[Stored dataset items]
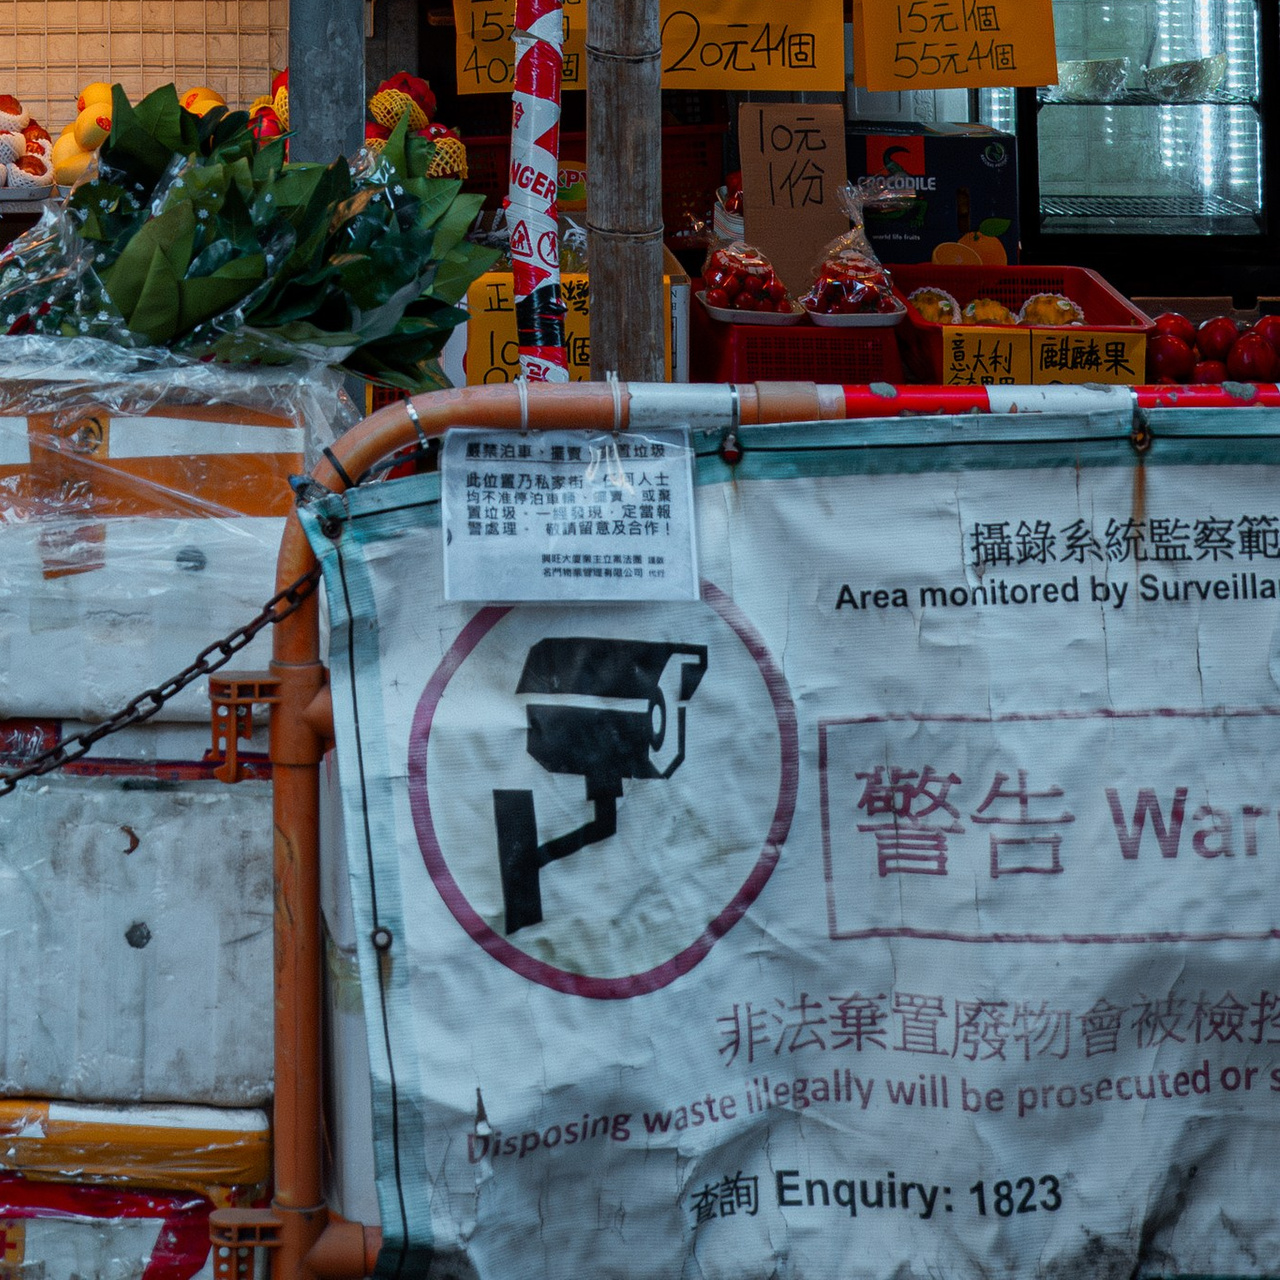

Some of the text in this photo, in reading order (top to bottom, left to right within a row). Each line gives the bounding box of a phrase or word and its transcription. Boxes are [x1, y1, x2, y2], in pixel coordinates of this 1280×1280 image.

[835, 583, 909, 611] Area
[920, 575, 1081, 608] monitored
[1091, 578, 1129, 609] by
[854, 764, 1076, 879] 警告
[466, 1108, 632, 1165] Disposing
[642, 1088, 738, 1136] waste
[745, 1066, 873, 1115] illegally
[885, 1062, 950, 1106] will
[961, 1074, 1006, 1113] be
[1017, 1059, 1211, 1119] prosecuted
[1221, 1066, 1259, 1092] or
[689, 1168, 1063, 1232] 查詢 Enquiry: 1823

EXERCISE DIRECTIONS
Reproduce all entries exactly. Pictures do not belong in the copy.

EXERCISE ANSWER
Some of the text in this photo, in reading order (top to bottom, left to right within a row). Each line gives the bounding box of a phrase or word and its transcription. Boxes are [x1, y1, x2, y2], in pixel coordinates of this 1280×1280 image.

[835, 583, 909, 611] Area
[920, 575, 1081, 608] monitored
[1091, 578, 1129, 609] by
[854, 764, 1076, 879] 警告
[466, 1108, 632, 1165] Disposing
[642, 1088, 738, 1136] waste
[745, 1066, 873, 1115] illegally
[885, 1062, 950, 1106] will
[961, 1074, 1006, 1113] be
[1017, 1059, 1211, 1119] prosecuted
[1221, 1066, 1259, 1092] or
[689, 1168, 1063, 1232] 查詢 Enquiry: 1823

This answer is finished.